RECENT research has uncovered key insights into the genetic mechanisms driving age-related clonal haematopoiesis (CH), a condition linked to inflammatory cardiovascular disease and myeloid malignancies such as chronic monomyelocytic leukaemia (CMML). The study highlights the role of ASXL1, one of the most commonly mutated genes in CH, and its interaction with key proteins involved in epigenetic regulation.
ASXL1 mutations are known to promote CH, but the exact mechanisms were previously unclear. The new findings show that ASXL1 mutations impair the function of EHMT1 and EHMT2, two enzymes that modify histones in the DNA, leading to a reduction in repressive histone markers like H3K9me2 and H3K9me3. This alteration results in the derepression of transposable elements (TEs), which are normally silenced in heterochromatin, a form of tightly packed DNA.
In a mouse model of CH, aged mice with ASXL1 mutations showed notable expansion of myeloid cells in the bone marrow and significant changes in gene expression, particularly an increase in inflammatory genes and TEs. This pattern was also observed in human CMML patient samples, suggesting that ASXL1 mutations disrupt heterochromatin integrity, leading to genomic instability and disease progression.

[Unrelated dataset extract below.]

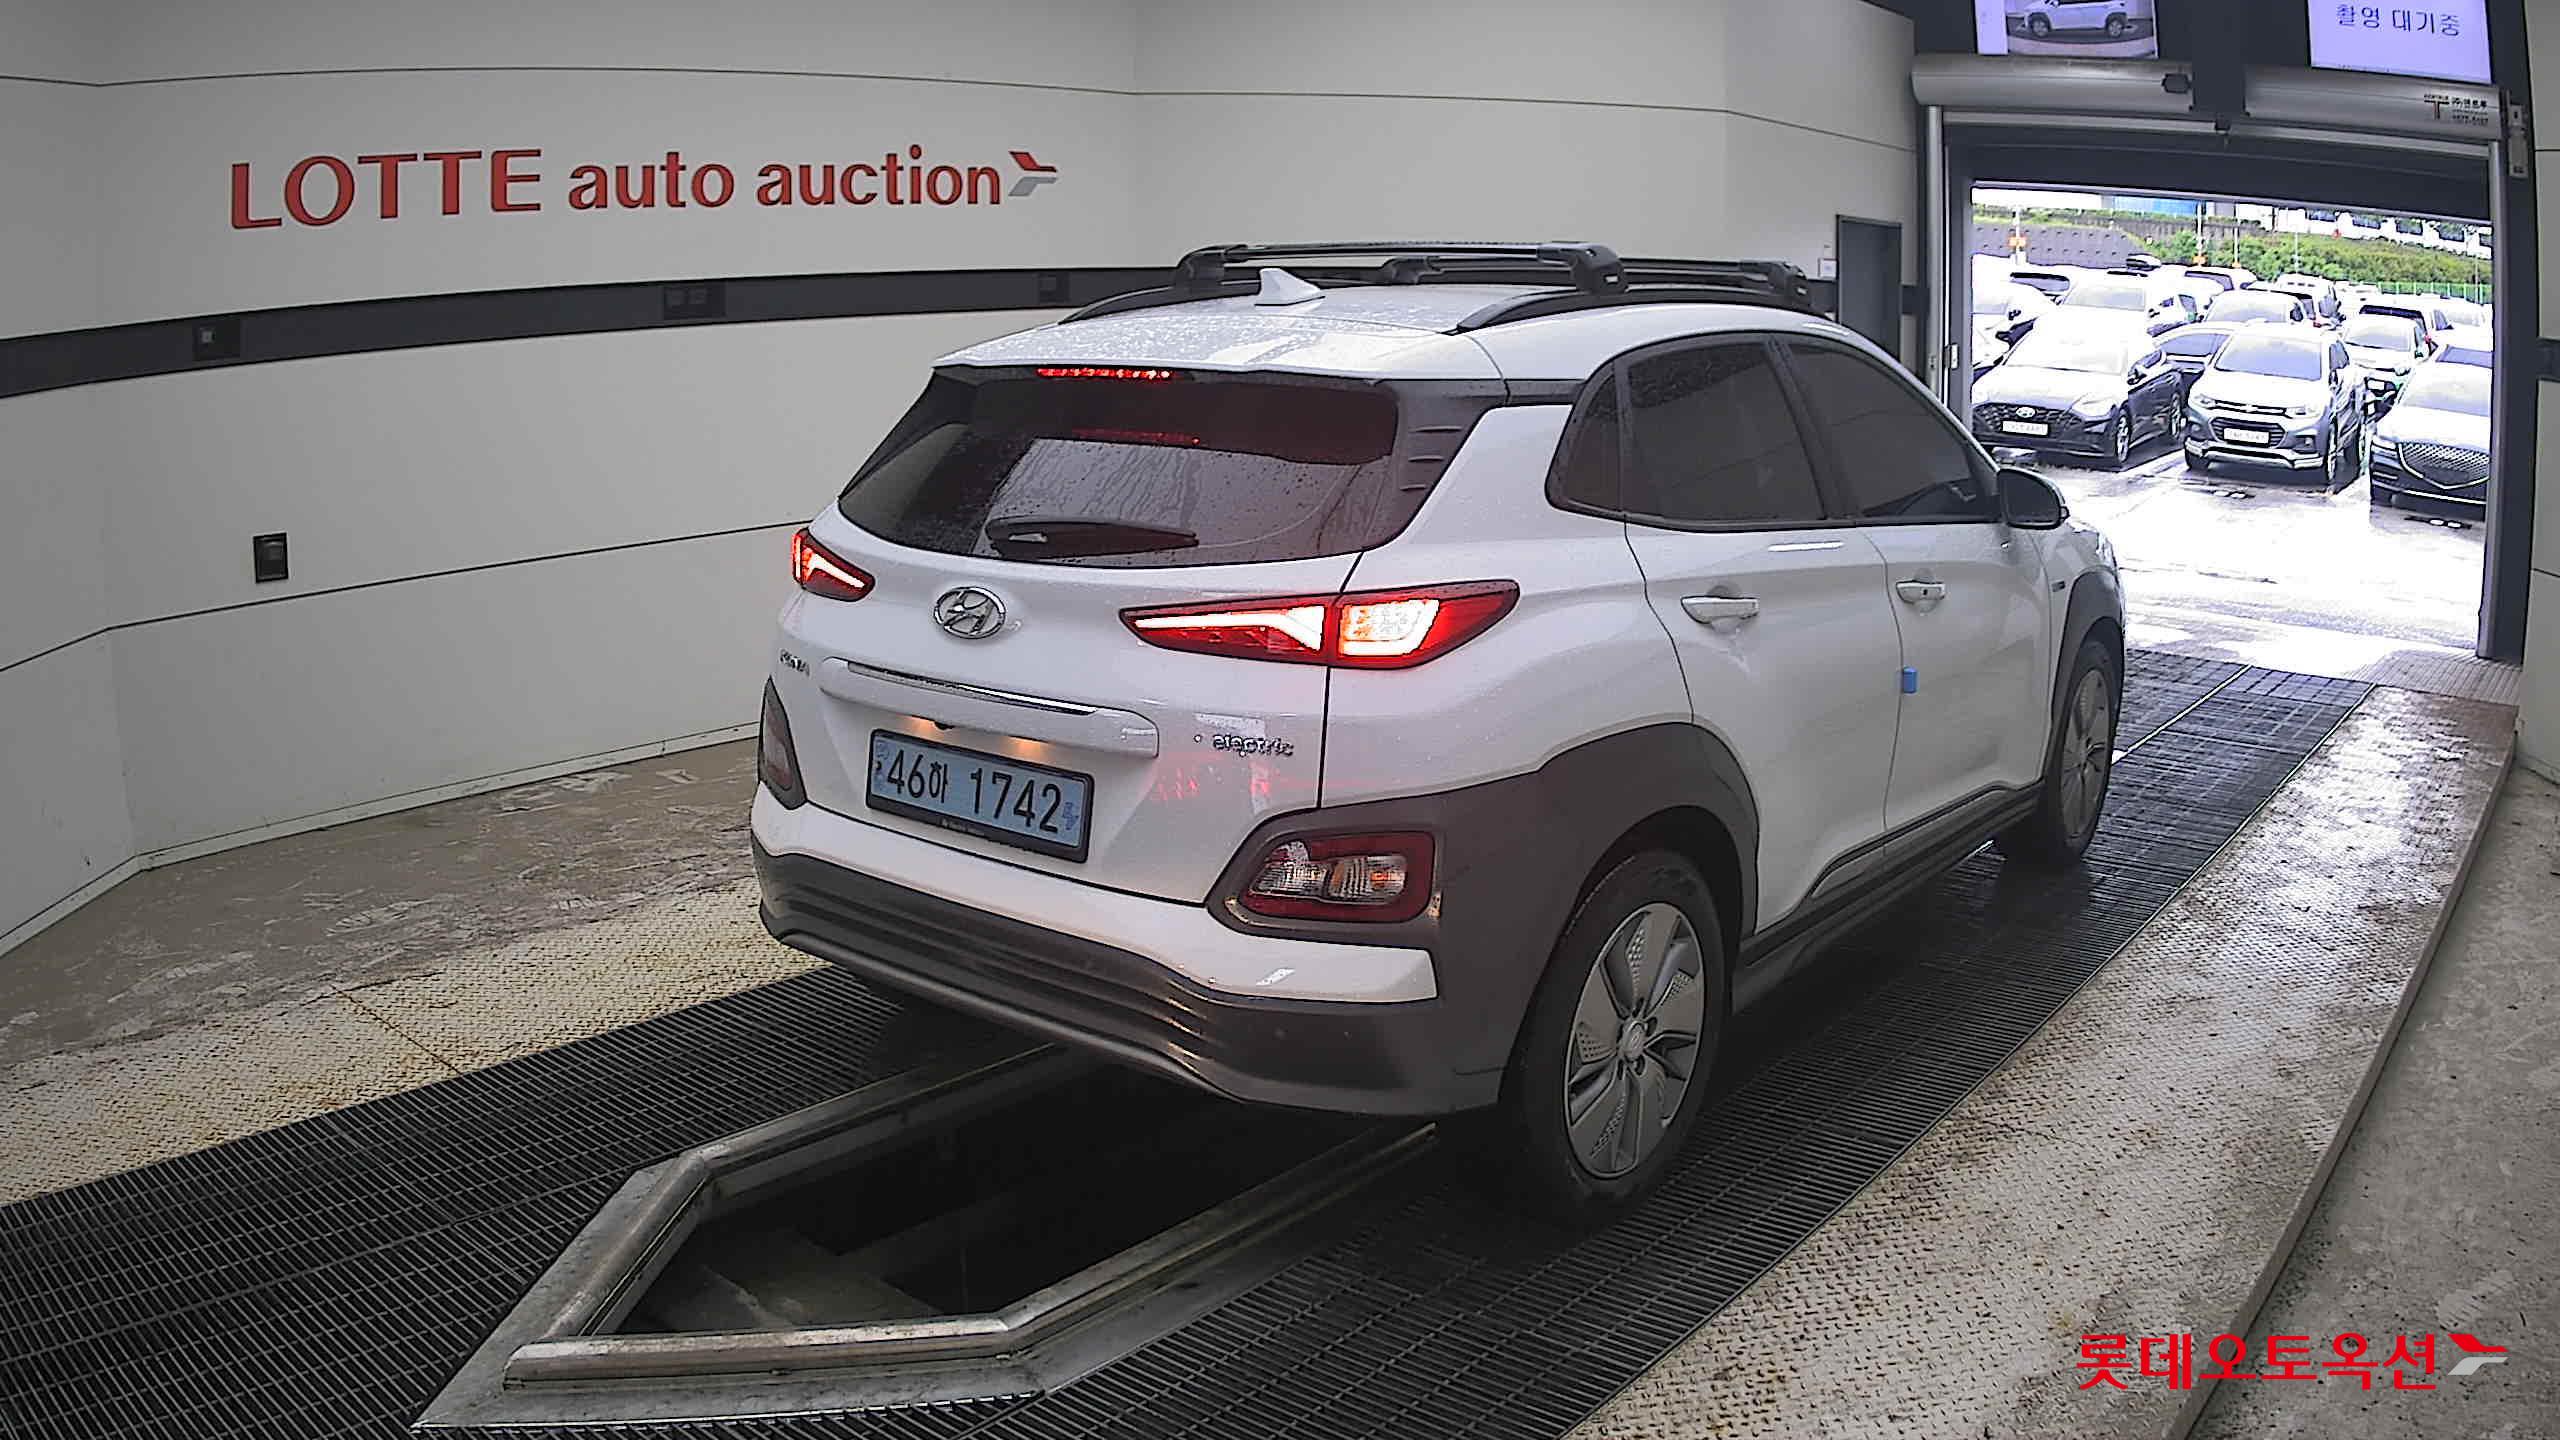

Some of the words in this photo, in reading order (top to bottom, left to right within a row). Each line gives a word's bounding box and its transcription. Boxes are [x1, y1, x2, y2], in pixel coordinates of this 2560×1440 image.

The study suggests that targeting proteins associated with heterochromatin and TEs could provide new therapeutic avenues for treating CH, CMML, and other myeloid disorders, particularly as the global population ages.
Helena Bradbury, EMJ
Reference
Dong Z et al. A mutant ASXL1-BAP1-EHMT complex contributes to heterochromatin dysfunction in clonal hematopoiesis and chronic monomyelocytic leukemia.